We'll give it a justify content of center and align items of center. Something that I'll often do when I'm roughing out a UI is I'll give the elements that I'm working with an ugly background color so that I can see what space they're taking up on the screen.

So for the info elements, we're gonna give it a I'd say a width of 80vmin. If you haven't seen vmin before, it is the minimum of either Vw, which is the width of the screen divided by 100, or Vh, which is the height of the screen divided by 100.

And it's what allows us to have a user interface that will scale down and always fit inside the screen, whether it's on a desktop in a landscape aspect ratio, or if someone's using it on their phone. Give it height of say 10 vmin like so, and then a background of say purple.

And then, the grid container that's gonna have again, a width of 80 vmin. And the same height because it's a square. And we'll give that a background of, let's say, teal. Okay, so far so good, but it's not centered vertically. And that's because we haven't added the right height to the game element so we'll stick a 100% on there.

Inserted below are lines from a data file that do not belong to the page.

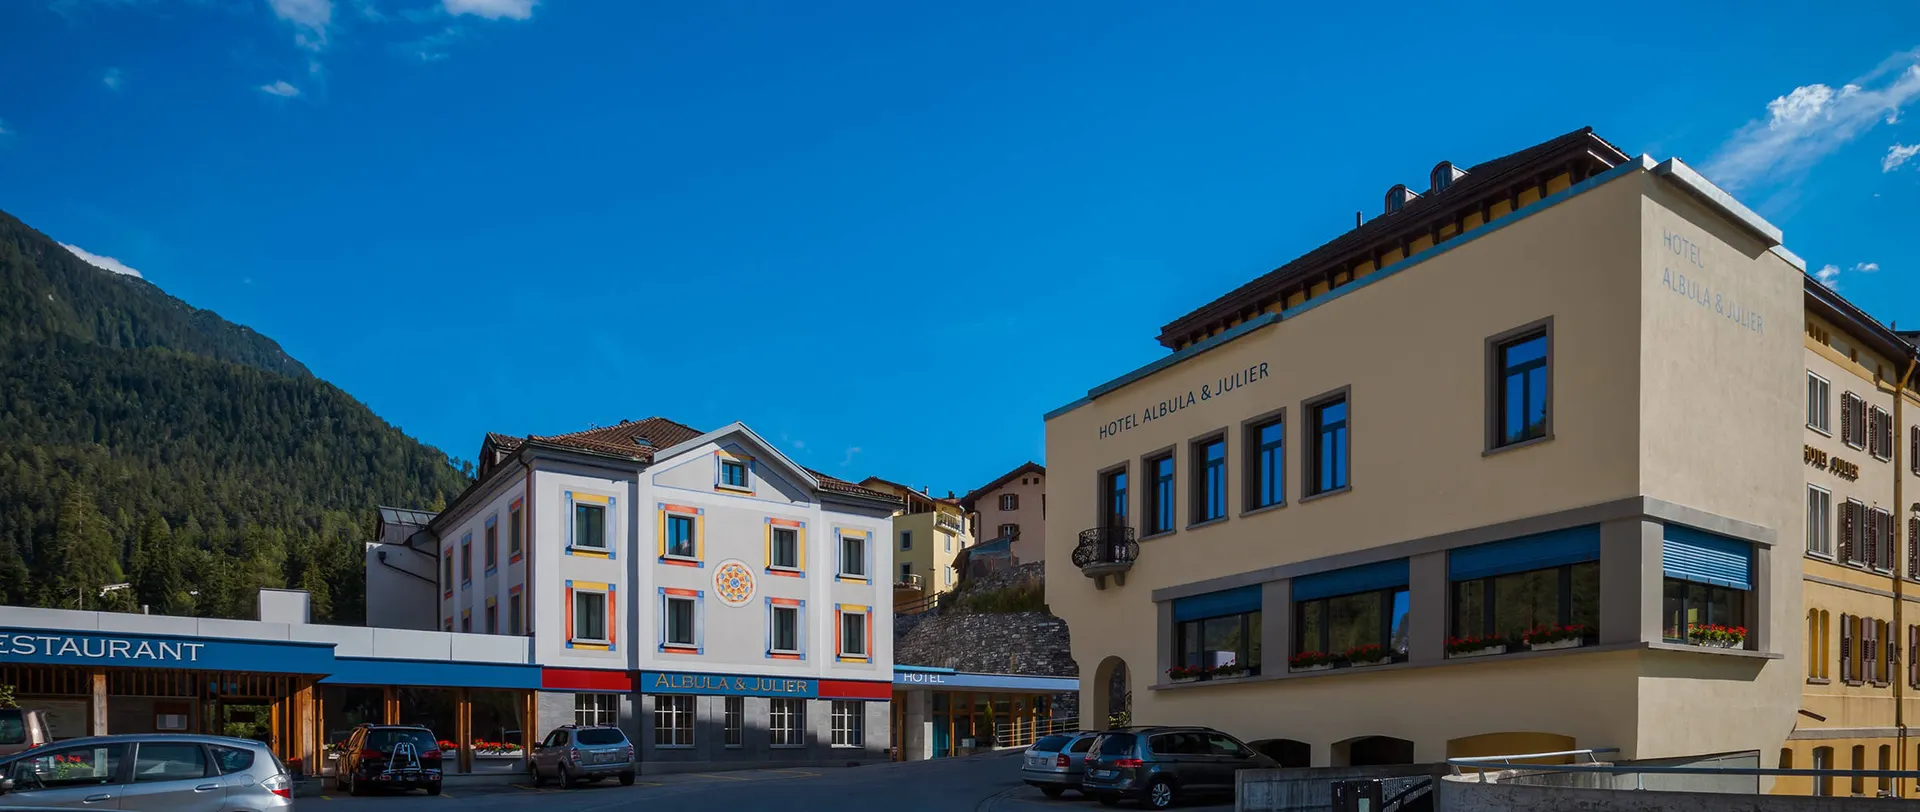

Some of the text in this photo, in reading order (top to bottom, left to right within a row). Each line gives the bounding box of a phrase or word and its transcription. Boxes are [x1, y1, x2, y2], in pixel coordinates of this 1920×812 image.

[1663, 228, 1704, 269] HOTEL
[1662, 267, 1764, 335] ALBULA & JULIER
[1099, 361, 1269, 440] HOTEL ALBULA & JULIER
[1804, 444, 1860, 480] HOTEL JULIER
[655, 672, 808, 693] ALBULA & JULIER
[903, 672, 945, 683] HOTEL
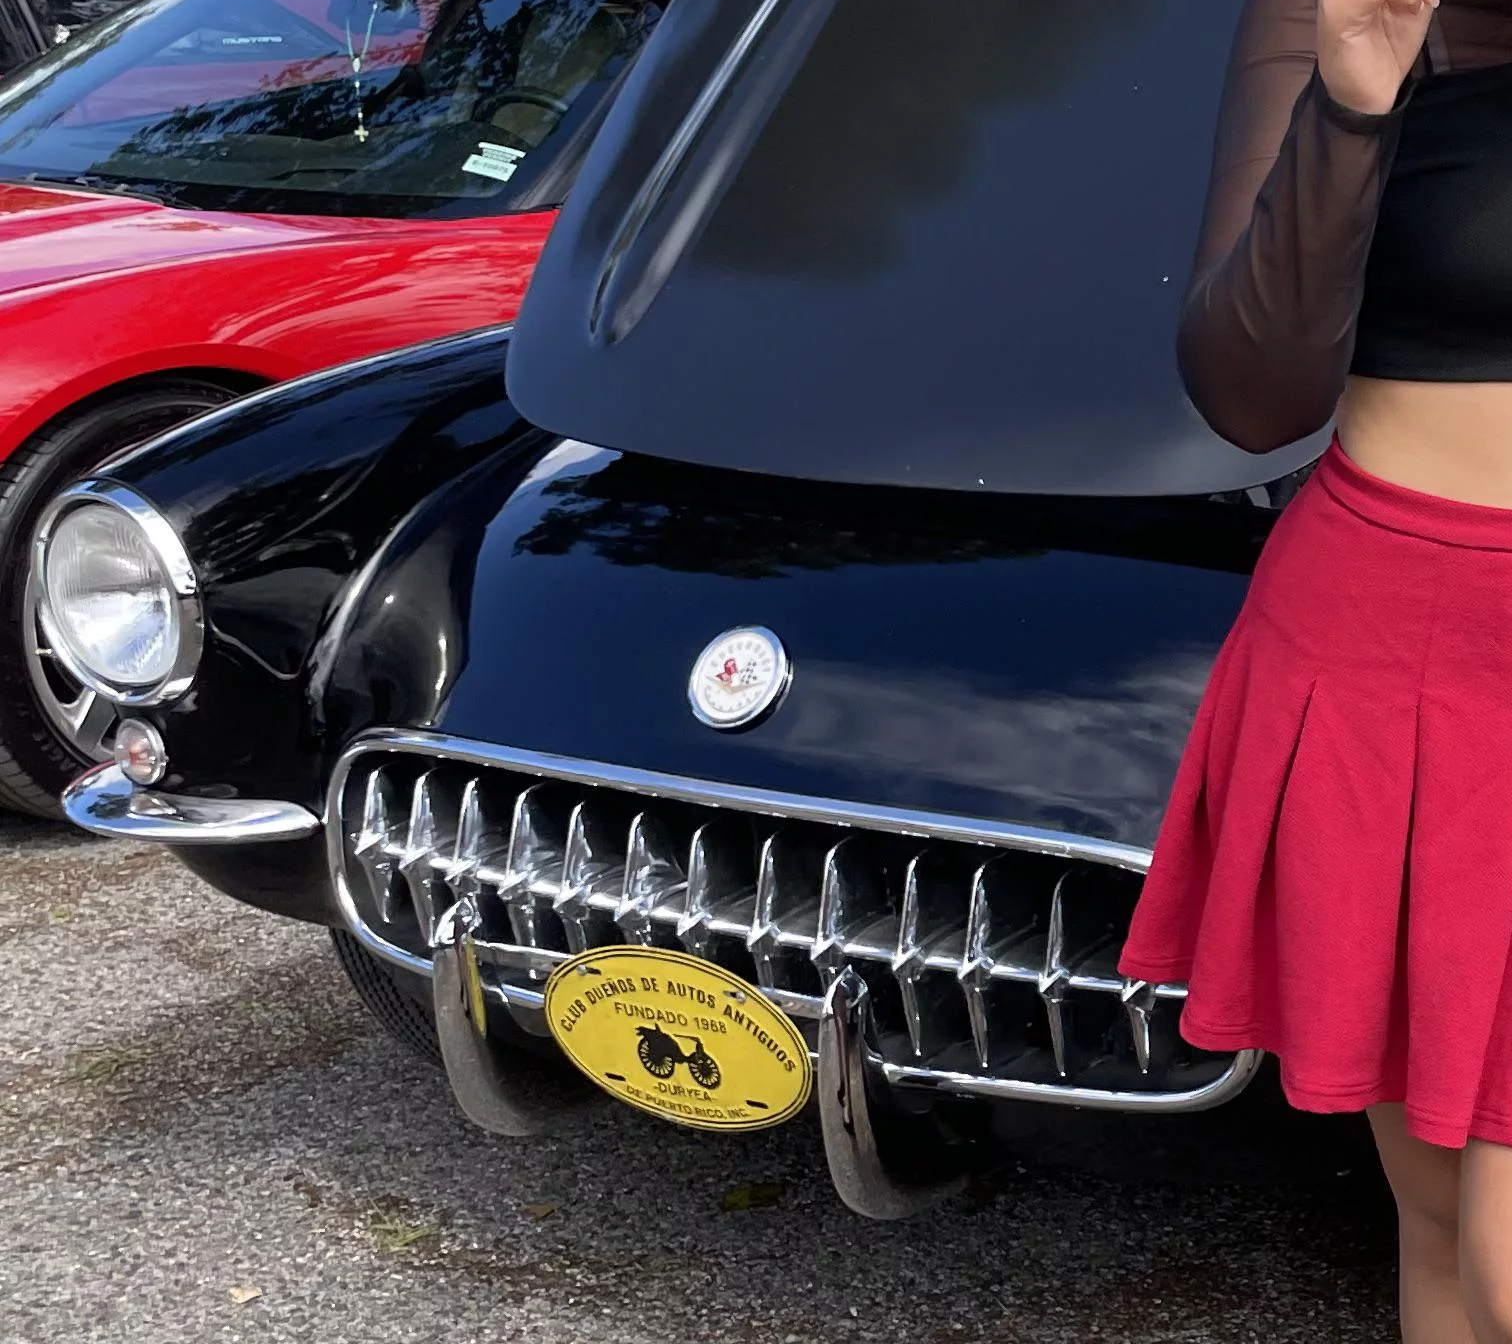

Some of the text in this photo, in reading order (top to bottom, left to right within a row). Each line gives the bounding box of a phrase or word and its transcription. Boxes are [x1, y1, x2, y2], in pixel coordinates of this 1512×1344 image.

[560, 999, 587, 1032] CLUB
[640, 977, 660, 993] DE
[667, 981, 717, 1009] AUTOS
[723, 1004, 797, 1072] ANTIGUOS
[614, 1001, 689, 1027] FUNDADO
[626, 1084, 641, 1098] DE
[645, 1093, 692, 1115] PUERTO

Still not working and that's because we need to have the 100% applied to the elements that contain this. So at this point I'm gonna pause and come out of spell and add a global style sheet. Inside my source directory, I'm gonna add styles.css. And you could do all these with component styles using the global modifier or whatever.

But find that in just about every project I would typically have a bunch of styles related to things like typography and colors, CSS custom properties, things like that, that are shared by everything on the page. And so it's convenient to have a place to put all of that stuff.

So often have a source/styles.CSS or something like that. In here, I'm gonna add the piece of CSS that has saved me the most time. And all the time that I've been writing CSS, which is every element by default, has a position of relative and a box-sizing of border-box.

And then the thing that we came here to do is to add on the html element and on the body, we want a height of 100%. And we also wanna get rid of the margin, because otherwise that's gonna mess with our height measurements. Last thing we need to do of course is import these styles into our app, otherwise it'll have no effect.

So inside page.svelte, I'm gonna do, import ../styles.CSS. Obviously, you can't normally do this in a JavaScript module we are using a Vite feature here. The fact that you can import CSS is something that Vite brings to the table. During development, it will extract all of the imported CSS, minify it, optimize it, and then spit it out into a separate bundle of CSS that can be cached immutably, so that it's really good for performance and so on.

And just authoring-wise, it's very simple to be able to add an import like this. So even though it's kinda non-standard, very cool. All right, now our global CSS is being applied to the page, and we can see that the grid is now centered, nice.